Problem details
Exactly as given, restate each record that follows.

Record excerpts
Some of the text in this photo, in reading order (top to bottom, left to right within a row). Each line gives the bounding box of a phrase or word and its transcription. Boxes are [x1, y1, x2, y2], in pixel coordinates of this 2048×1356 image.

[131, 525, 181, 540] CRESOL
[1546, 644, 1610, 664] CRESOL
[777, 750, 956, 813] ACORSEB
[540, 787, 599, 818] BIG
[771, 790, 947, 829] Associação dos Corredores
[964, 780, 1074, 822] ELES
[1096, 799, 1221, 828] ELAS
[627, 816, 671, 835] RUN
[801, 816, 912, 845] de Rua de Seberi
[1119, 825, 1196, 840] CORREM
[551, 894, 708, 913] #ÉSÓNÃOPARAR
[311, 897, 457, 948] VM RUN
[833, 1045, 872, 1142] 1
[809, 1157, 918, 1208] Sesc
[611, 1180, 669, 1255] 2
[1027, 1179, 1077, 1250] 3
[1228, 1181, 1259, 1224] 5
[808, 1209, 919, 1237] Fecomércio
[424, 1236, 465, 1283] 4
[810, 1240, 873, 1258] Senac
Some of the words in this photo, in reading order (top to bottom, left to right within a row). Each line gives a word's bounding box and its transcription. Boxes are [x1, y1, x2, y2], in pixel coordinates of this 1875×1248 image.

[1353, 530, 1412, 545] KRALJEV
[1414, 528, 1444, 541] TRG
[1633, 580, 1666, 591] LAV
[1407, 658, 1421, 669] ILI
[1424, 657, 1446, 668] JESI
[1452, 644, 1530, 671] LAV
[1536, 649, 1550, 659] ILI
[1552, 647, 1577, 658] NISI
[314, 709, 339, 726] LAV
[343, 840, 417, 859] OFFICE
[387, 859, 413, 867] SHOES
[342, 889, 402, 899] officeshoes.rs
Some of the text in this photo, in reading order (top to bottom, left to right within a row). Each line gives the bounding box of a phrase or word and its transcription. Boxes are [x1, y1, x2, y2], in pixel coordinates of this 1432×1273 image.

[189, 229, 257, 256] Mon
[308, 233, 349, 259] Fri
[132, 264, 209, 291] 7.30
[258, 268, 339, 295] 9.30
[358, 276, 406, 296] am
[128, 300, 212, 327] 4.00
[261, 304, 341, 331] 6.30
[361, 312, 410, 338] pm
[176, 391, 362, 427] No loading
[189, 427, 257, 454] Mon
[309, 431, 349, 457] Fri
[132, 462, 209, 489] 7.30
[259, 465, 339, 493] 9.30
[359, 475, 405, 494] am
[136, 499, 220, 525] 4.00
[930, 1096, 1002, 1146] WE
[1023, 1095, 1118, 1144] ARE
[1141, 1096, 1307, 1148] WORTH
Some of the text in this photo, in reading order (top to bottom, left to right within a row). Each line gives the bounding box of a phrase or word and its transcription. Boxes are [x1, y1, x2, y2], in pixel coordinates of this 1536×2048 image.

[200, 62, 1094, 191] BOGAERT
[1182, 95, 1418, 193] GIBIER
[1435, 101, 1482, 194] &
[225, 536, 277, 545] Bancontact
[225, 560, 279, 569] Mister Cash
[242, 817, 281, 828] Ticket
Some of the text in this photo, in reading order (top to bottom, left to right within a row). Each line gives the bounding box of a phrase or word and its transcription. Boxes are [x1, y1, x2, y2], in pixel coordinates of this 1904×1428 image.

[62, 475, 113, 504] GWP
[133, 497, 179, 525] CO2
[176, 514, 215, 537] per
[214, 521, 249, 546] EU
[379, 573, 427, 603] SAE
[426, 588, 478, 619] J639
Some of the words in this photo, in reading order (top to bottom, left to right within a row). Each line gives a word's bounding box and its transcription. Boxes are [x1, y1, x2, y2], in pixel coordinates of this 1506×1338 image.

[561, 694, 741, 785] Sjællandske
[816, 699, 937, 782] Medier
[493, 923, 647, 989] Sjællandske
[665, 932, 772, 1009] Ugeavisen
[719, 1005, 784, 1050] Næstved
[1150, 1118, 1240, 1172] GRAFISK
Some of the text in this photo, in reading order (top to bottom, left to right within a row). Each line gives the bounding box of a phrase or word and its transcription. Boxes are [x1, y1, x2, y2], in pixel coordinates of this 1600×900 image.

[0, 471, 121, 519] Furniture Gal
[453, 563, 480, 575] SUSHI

Exercise solution
Some of the text in this photo, in reading order (top to bottom, left to right within a row). Each line gives the bounding box of a phrase or word and its transcription. Boxes are [x1, y1, x2, y2], in pixel coordinates of this 2048×1356 image.

[131, 525, 181, 540] CRESOL
[1546, 644, 1610, 664] CRESOL
[777, 750, 956, 813] ACORSEB
[540, 787, 599, 818] BIG
[771, 790, 947, 829] Associação dos Corredores
[964, 780, 1074, 822] ELES
[1096, 799, 1221, 828] ELAS
[627, 816, 671, 835] RUN
[801, 816, 912, 845] de Rua de Seberi
[1119, 825, 1196, 840] CORREM
[551, 894, 708, 913] #ÉSÓNÃOPARAR
[311, 897, 457, 948] VM RUN
[833, 1045, 872, 1142] 1
[809, 1157, 918, 1208] Sesc
[611, 1180, 669, 1255] 2
[1027, 1179, 1077, 1250] 3
[1228, 1181, 1259, 1224] 5
[808, 1209, 919, 1237] Fecomércio
[424, 1236, 465, 1283] 4
[810, 1240, 873, 1258] Senac
Some of the words in this photo, in reading order (top to bottom, left to right within a row). Each line gives a word's bounding box and its transcription. Boxes are [x1, y1, x2, y2], in pixel coordinates of this 1875×1248 image.

[1353, 530, 1412, 545] KRALJEV
[1414, 528, 1444, 541] TRG
[1633, 580, 1666, 591] LAV
[1407, 658, 1421, 669] ILI
[1424, 657, 1446, 668] JESI
[1452, 644, 1530, 671] LAV
[1536, 649, 1550, 659] ILI
[1552, 647, 1577, 658] NISI
[314, 709, 339, 726] LAV
[343, 840, 417, 859] OFFICE
[387, 859, 413, 867] SHOES
[342, 889, 402, 899] officeshoes.rs
Some of the text in this photo, in reading order (top to bottom, left to right within a row). Each line gives the bounding box of a phrase or word and its transcription. Boxes are [x1, y1, x2, y2], in pixel coordinates of this 1432×1273 image.

[189, 229, 257, 256] Mon
[308, 233, 349, 259] Fri
[132, 264, 209, 291] 7.30
[258, 268, 339, 295] 9.30
[358, 276, 406, 296] am
[128, 300, 212, 327] 4.00
[261, 304, 341, 331] 6.30
[361, 312, 410, 338] pm
[176, 391, 362, 427] No loading
[189, 427, 257, 454] Mon
[309, 431, 349, 457] Fri
[132, 462, 209, 489] 7.30
[259, 465, 339, 493] 9.30
[359, 475, 405, 494] am
[136, 499, 220, 525] 4.00
[930, 1096, 1002, 1146] WE
[1023, 1095, 1118, 1144] ARE
[1141, 1096, 1307, 1148] WORTH
Some of the text in this photo, in reading order (top to bottom, left to right within a row). Each line gives the bounding box of a phrase or word and its transcription. Boxes are [x1, y1, x2, y2], in pixel coordinates of this 1536×2048 image.

[200, 62, 1094, 191] BOGAERT
[1182, 95, 1418, 193] GIBIER
[1435, 101, 1482, 194] &
[225, 536, 277, 545] Bancontact
[225, 560, 279, 569] Mister Cash
[242, 817, 281, 828] Ticket
Some of the text in this photo, in reading order (top to bottom, left to right within a row). Each line gives the bounding box of a phrase or word and its transcription. Boxes are [x1, y1, x2, y2], in pixel coordinates of this 1904×1428 image.

[62, 475, 113, 504] GWP
[133, 497, 179, 525] CO2
[176, 514, 215, 537] per
[214, 521, 249, 546] EU
[379, 573, 427, 603] SAE
[426, 588, 478, 619] J639
Some of the words in this photo, in reading order (top to bottom, left to right within a row). Each line gives a word's bounding box and its transcription. Boxes are [x1, y1, x2, y2], in pixel coordinates of this 1506×1338 image.

[561, 694, 741, 785] Sjællandske
[816, 699, 937, 782] Medier
[493, 923, 647, 989] Sjællandske
[665, 932, 772, 1009] Ugeavisen
[719, 1005, 784, 1050] Næstved
[1150, 1118, 1240, 1172] GRAFISK
Some of the text in this photo, in reading order (top to bottom, left to right within a row). Each line gives the bounding box of a phrase or word and its transcription. Boxes are [x1, y1, x2, y2], in pixel coordinates of this 1600×900 image.

[0, 471, 121, 519] Furniture Gal
[453, 563, 480, 575] SUSHI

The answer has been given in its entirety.